Work to be completed :: With the images removed, return every line below exactly as it reads.

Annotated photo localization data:
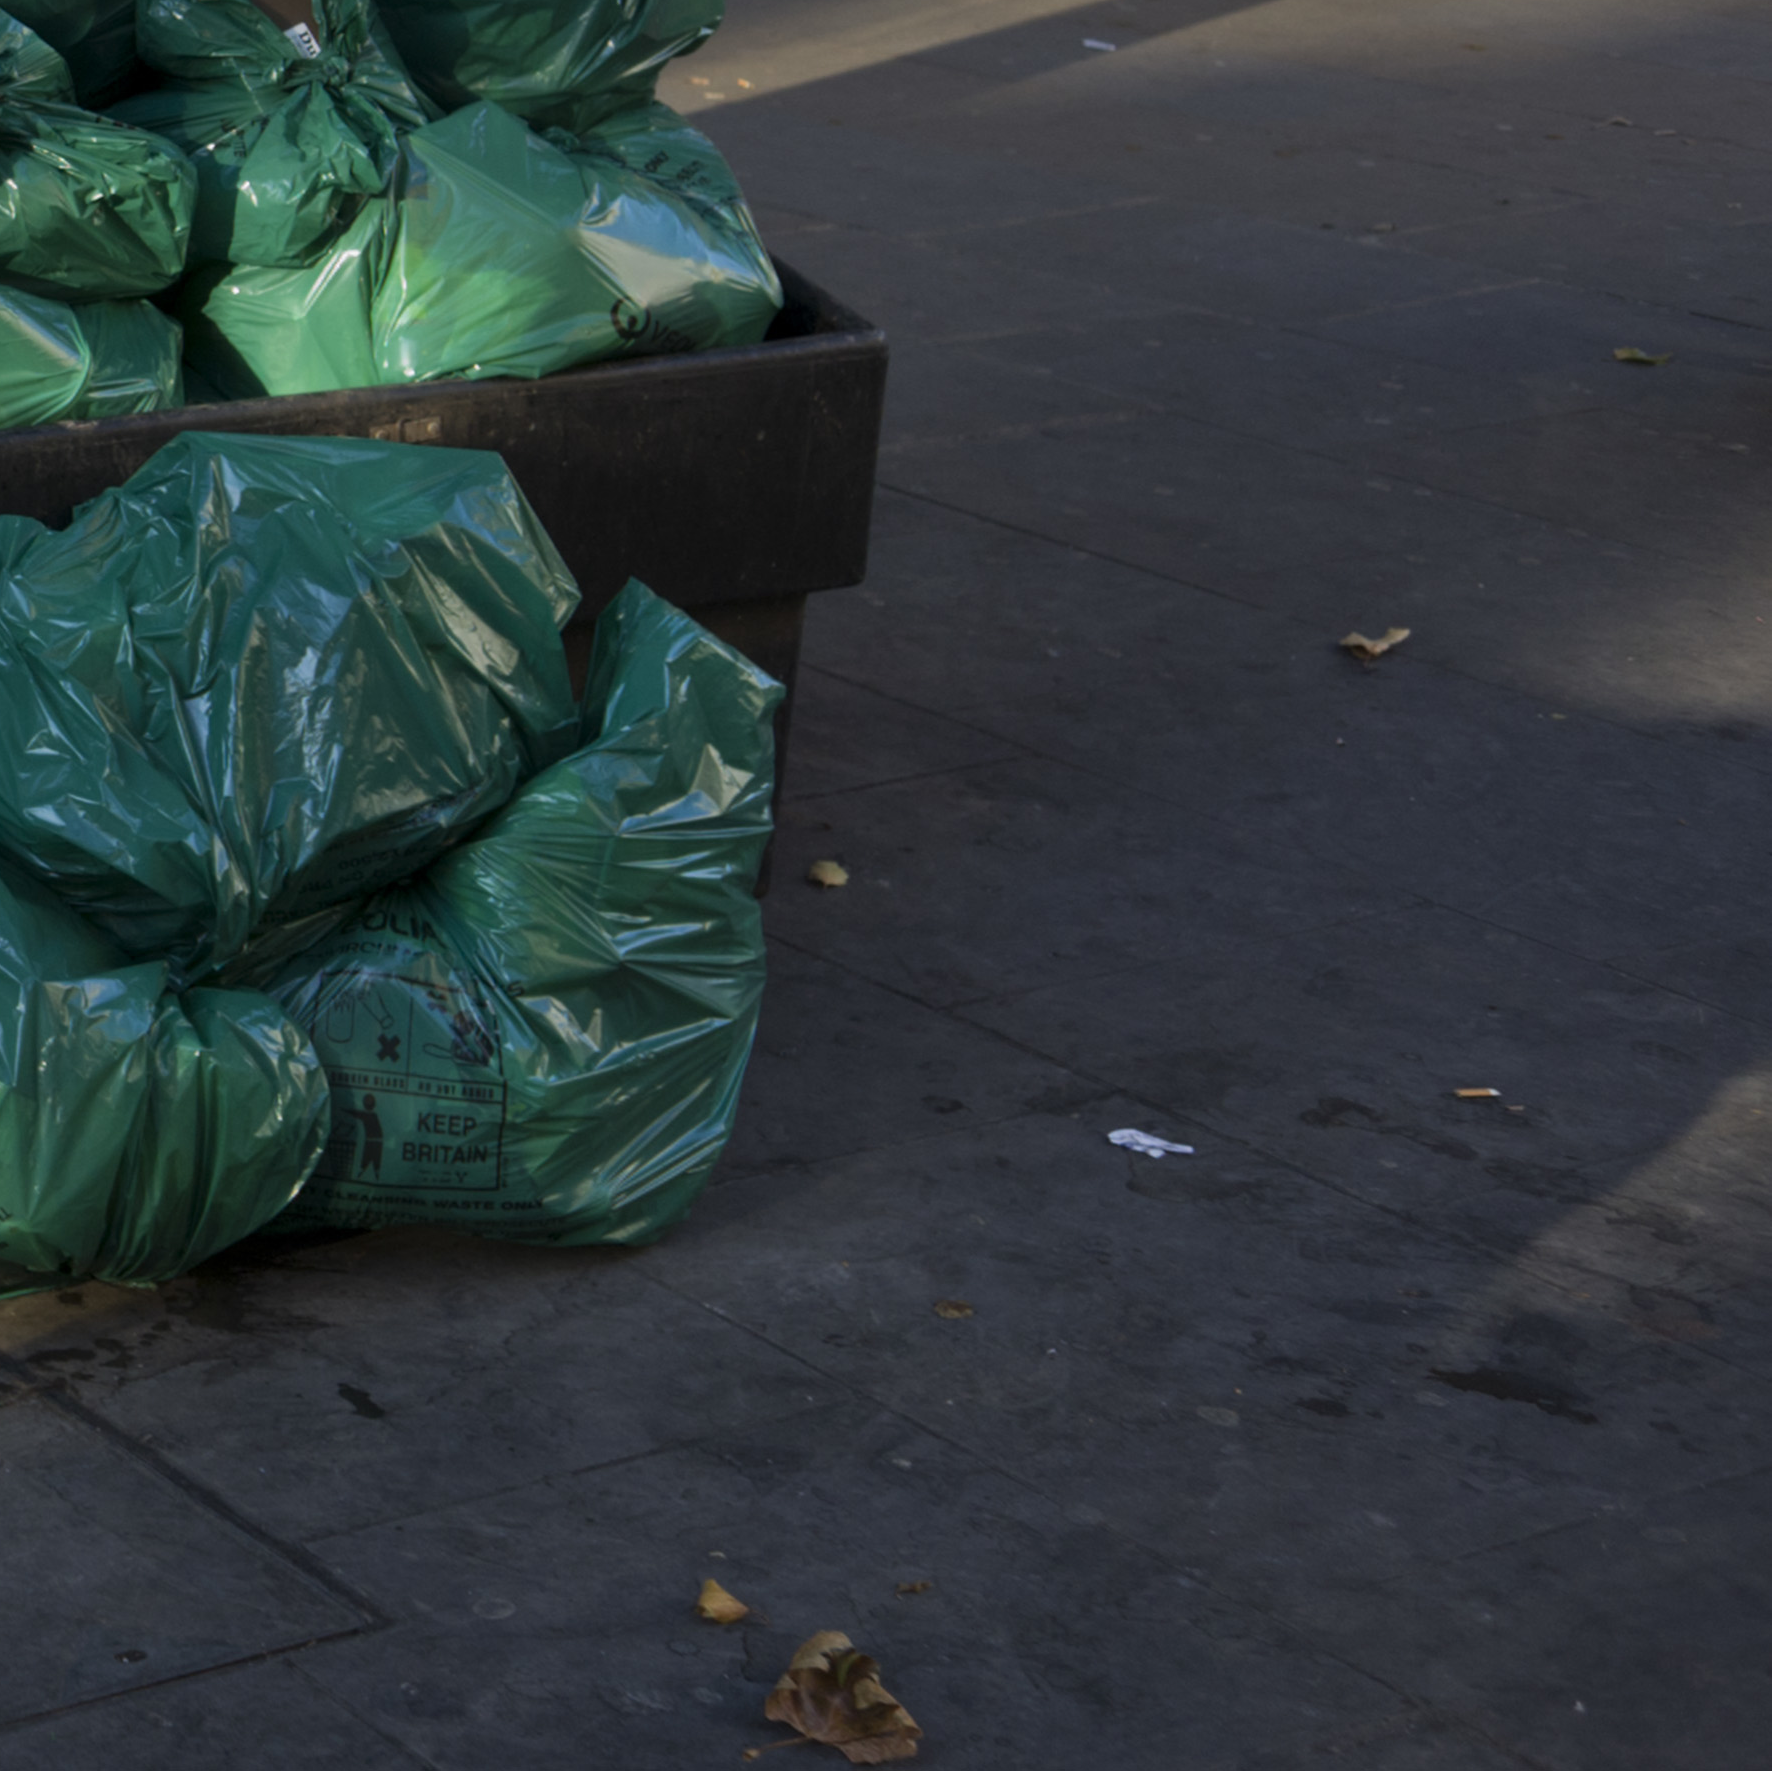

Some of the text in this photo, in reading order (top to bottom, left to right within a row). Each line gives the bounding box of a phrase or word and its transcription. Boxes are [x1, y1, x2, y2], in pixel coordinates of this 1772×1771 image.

[417, 1112, 478, 1137] KEEP
[401, 1141, 488, 1164] BRITAIN
[433, 1199, 495, 1211] WASTE
[500, 1200, 544, 1211] ONLY
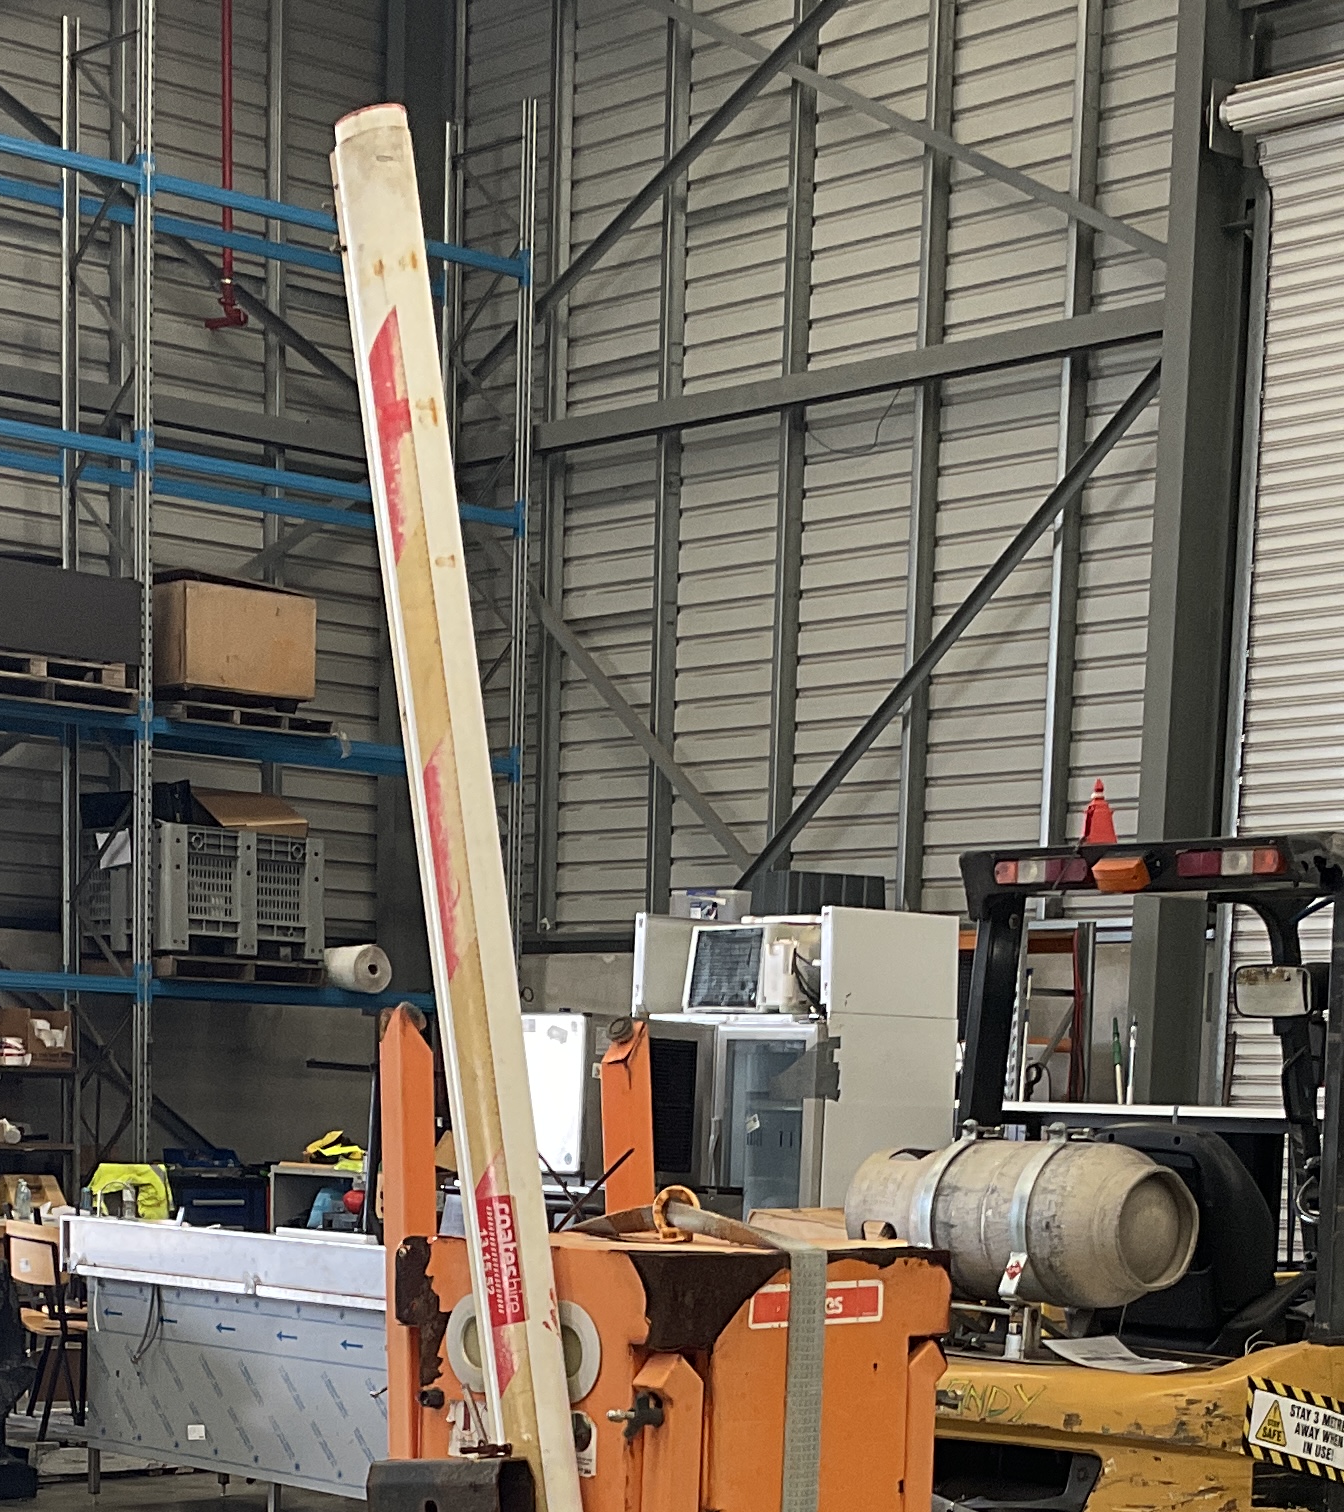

Written solution ::
Some of the text in this photo, in reading order (top to bottom, left to right within a row). Each line gives the bounding box of a phrase or word and its transcription. Boxes are [x1, y1, x2, y2], in pixel coordinates of this 1772×1771 image.

[417, 1112, 478, 1137] KEEP
[401, 1141, 488, 1164] BRITAIN
[433, 1199, 495, 1211] WASTE
[500, 1200, 544, 1211] ONLY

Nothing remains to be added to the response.